#### To do:
Everything from the line holding "Some of the words" through the last line of the listing needs to be repeated exactly, with no other lines.

#### Provided records:

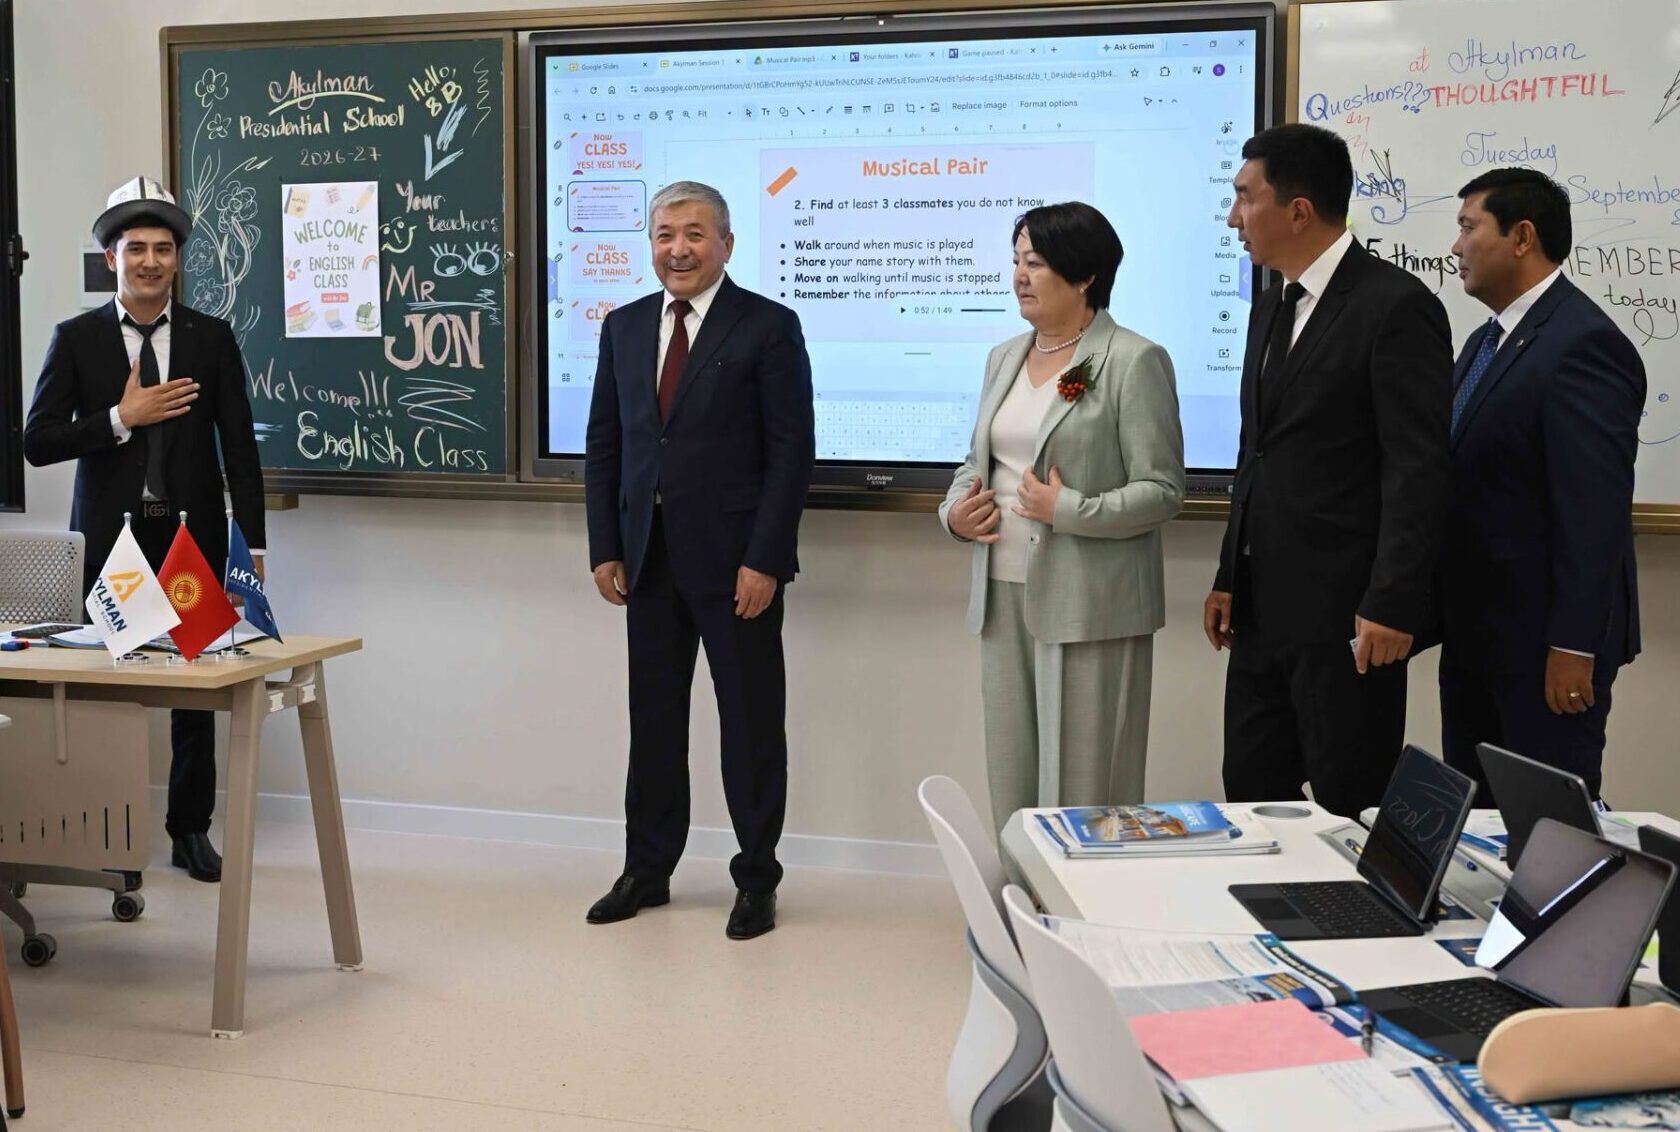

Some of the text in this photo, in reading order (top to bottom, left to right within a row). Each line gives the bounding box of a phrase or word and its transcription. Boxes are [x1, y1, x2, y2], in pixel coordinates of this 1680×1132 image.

[766, 56, 788, 64] Musical
[1408, 46, 1431, 74] at
[581, 63, 619, 72] Google Slides
[268, 69, 374, 111] Akylman
[1430, 73, 1626, 108] THOUGHTFUL
[698, 99, 1078, 118] Fit Replace image Format options
[239, 104, 405, 140] Presidential School
[593, 133, 612, 141] Now
[584, 143, 627, 156] CLASS
[1460, 132, 1558, 173] Tuesday
[300, 147, 382, 167] 2026-27
[577, 159, 635, 169] YES! YES! YES!
[863, 157, 989, 176] Musical Pair
[396, 180, 446, 213] Your
[1566, 174, 1680, 215] Septembe
[794, 196, 1045, 210] 2. Find at least 3 classmates you do not know
[794, 216, 815, 226] well
[294, 218, 369, 245] WELCOME
[327, 242, 340, 253] to
[597, 243, 616, 251] Now
[794, 238, 974, 251] Walk around when music is played
[309, 257, 355, 271] ENGLISH
[586, 252, 629, 264] CLASS
[794, 255, 976, 269] Share your name story with them.
[1567, 245, 1680, 278] EMBER
[582, 268, 631, 276] SAY THANKS
[794, 271, 1000, 285] Move on walking until music is stopped
[313, 274, 348, 289] CLASS
[794, 289, 850, 300] Remember
[853, 289, 871, 299] the
[598, 301, 616, 309] Now
[586, 308, 609, 320] CLA
[384, 311, 484, 371] JON
[297, 411, 488, 471] English Class
[230, 567, 265, 594] AKYL
[94, 578, 127, 632] YLMAN
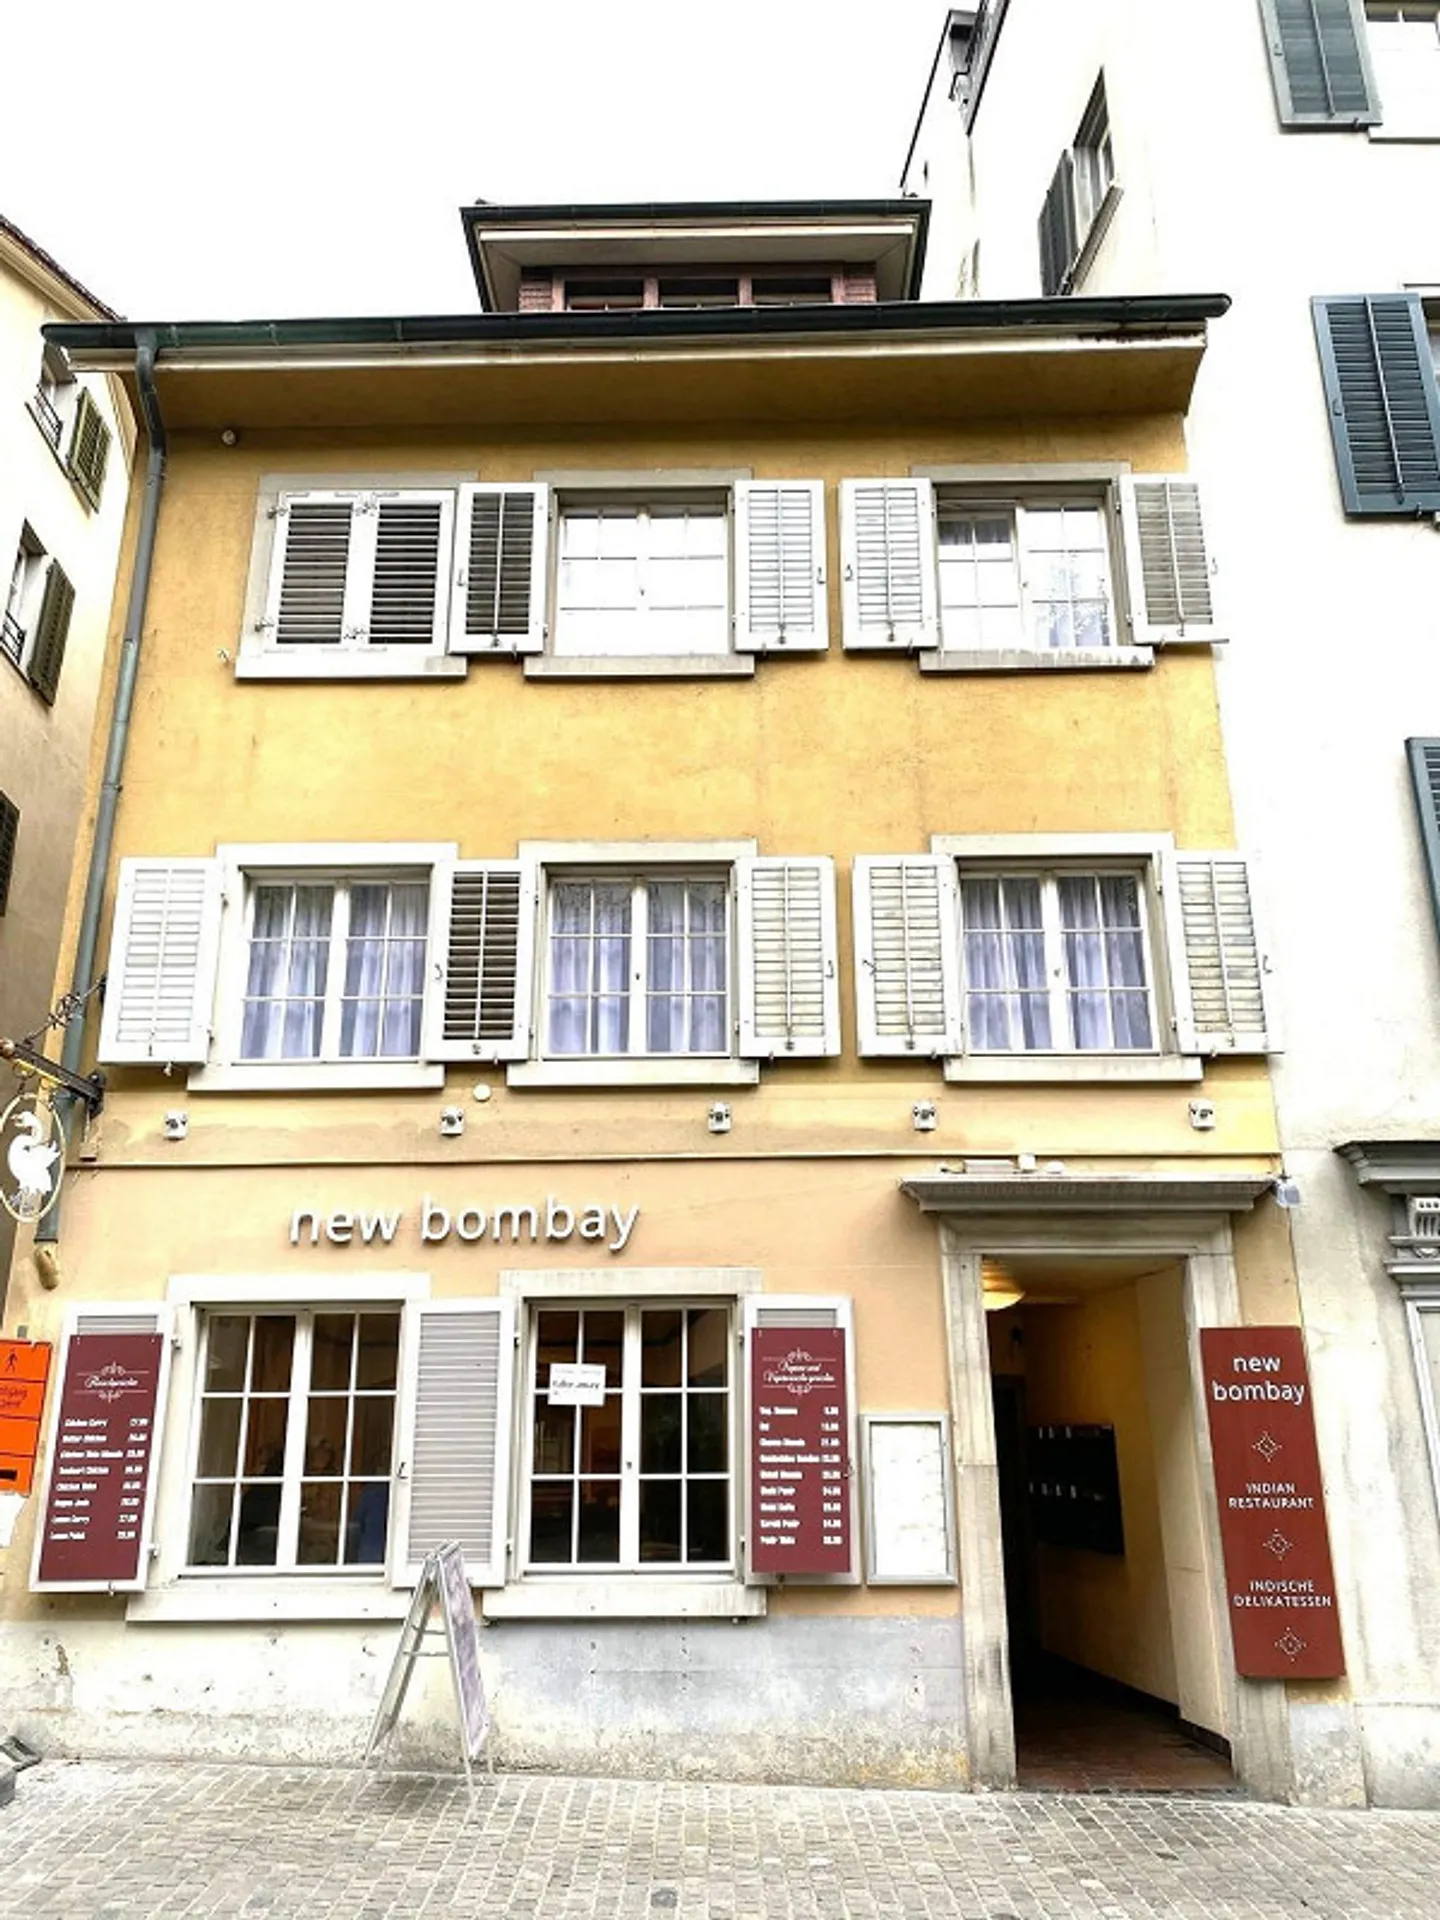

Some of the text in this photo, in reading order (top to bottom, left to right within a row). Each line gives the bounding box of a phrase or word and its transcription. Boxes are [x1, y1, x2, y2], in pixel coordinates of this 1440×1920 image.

[289, 1193, 640, 1253] new bombay
[1232, 1356, 1281, 1372] new
[1211, 1379, 1305, 1406] bombay
[1246, 1483, 1296, 1495] INDIAN
[1228, 1497, 1314, 1509] RESTAURANT
[1249, 1580, 1315, 1593] INDISCHE
[1233, 1594, 1332, 1608] DELIKATESSEN
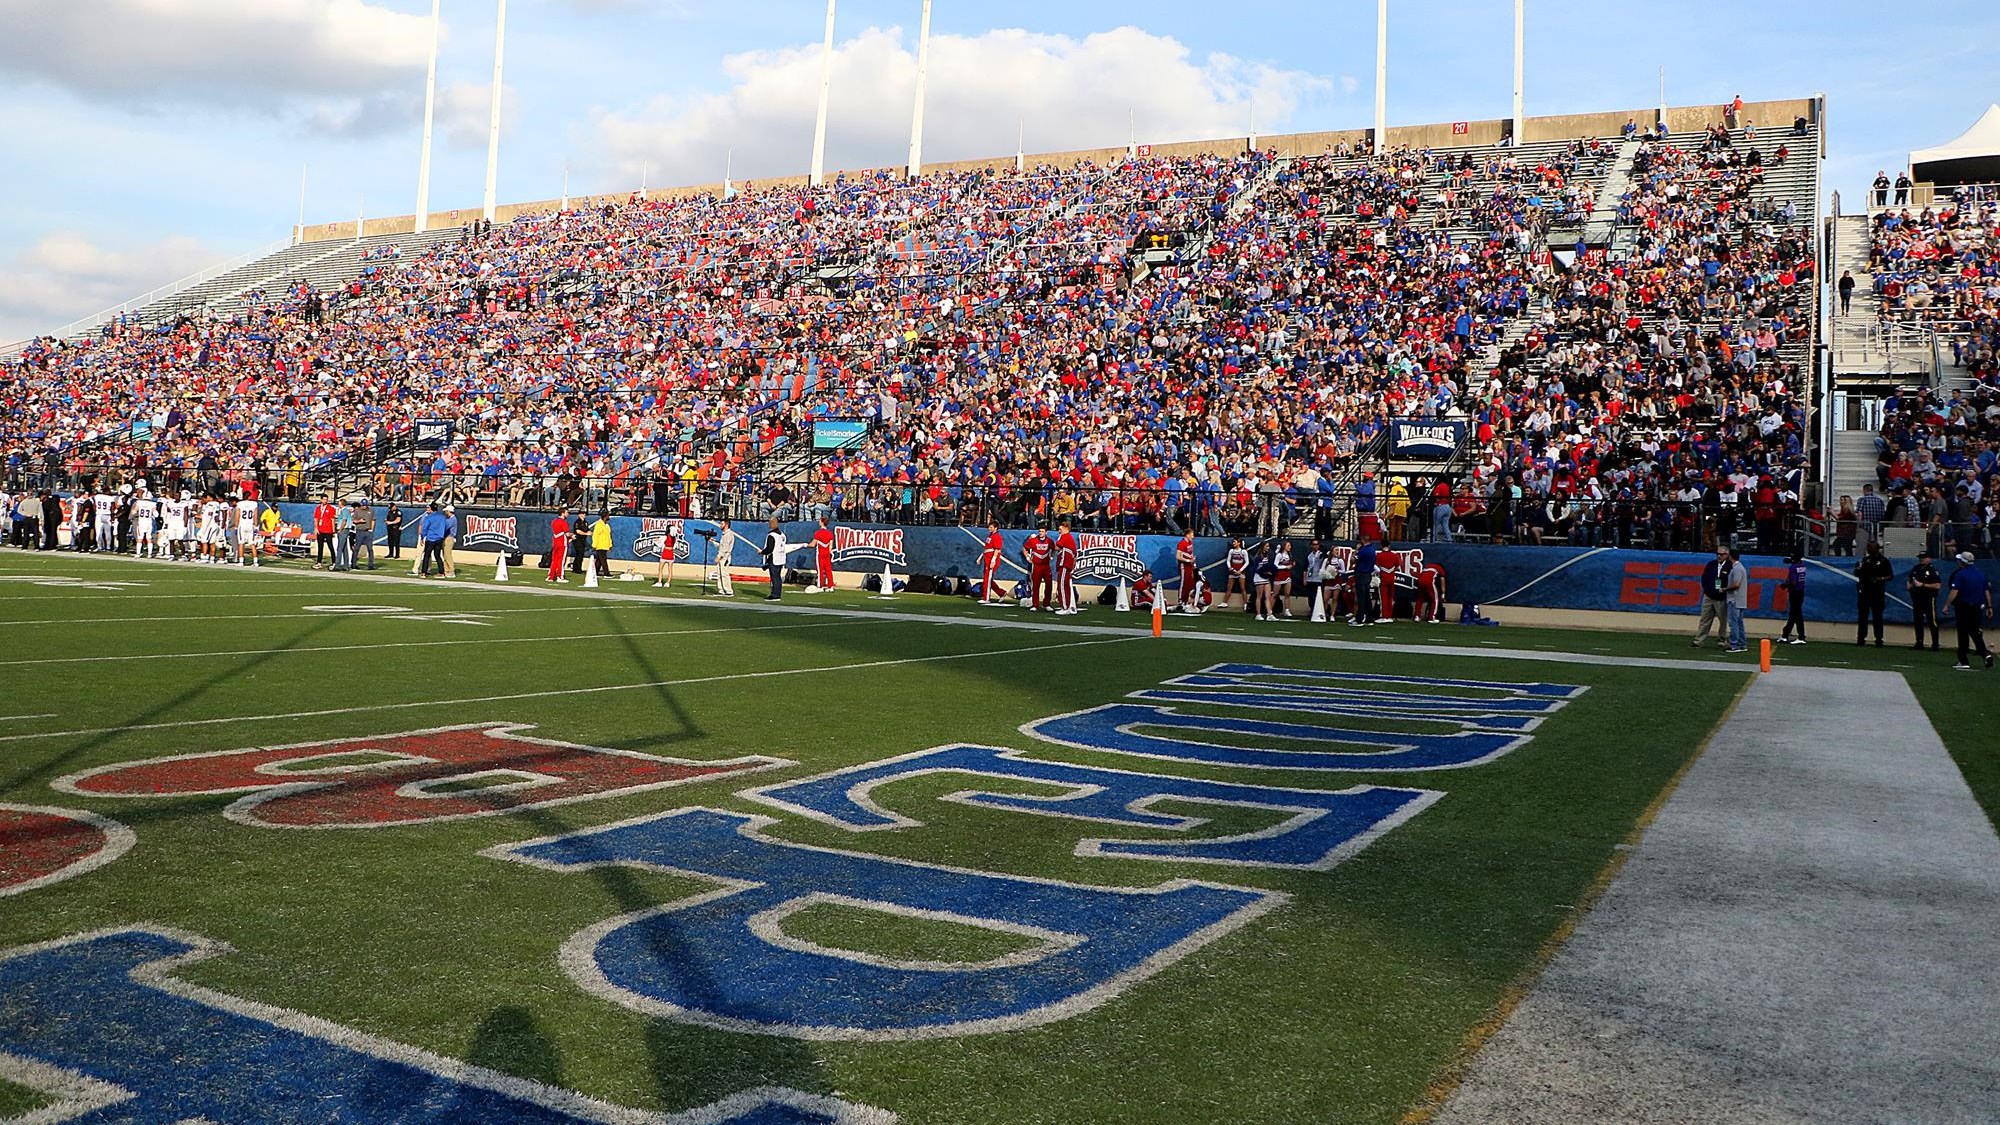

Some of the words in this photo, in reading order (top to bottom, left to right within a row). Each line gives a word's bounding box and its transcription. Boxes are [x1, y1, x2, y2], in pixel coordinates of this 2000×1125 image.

[1533, 251, 1548, 264] 117
[1163, 266, 1175, 277] 117
[1102, 273, 1115, 284] 116
[97, 501, 108, 510] 99
[140, 509, 150, 518] 83
[241, 510, 253, 519] 20
[1075, 557, 1143, 575] NDEPENDENCE
[1095, 566, 1118, 575] BOWL
[1619, 561, 1790, 613] ESN

#### Written solution:
Some of the words in this photo, in reading order (top to bottom, left to right within a row). Each line gives a word's bounding box and its transcription. Boxes are [x1, y1, x2, y2], in pixel coordinates of this 2000×1125 image.

[1533, 251, 1548, 264] 117
[1163, 266, 1175, 277] 117
[1102, 273, 1115, 284] 116
[97, 501, 108, 510] 99
[140, 509, 150, 518] 83
[241, 510, 253, 519] 20
[1075, 557, 1143, 575] NDEPENDENCE
[1095, 566, 1118, 575] BOWL
[1619, 561, 1790, 613] ESN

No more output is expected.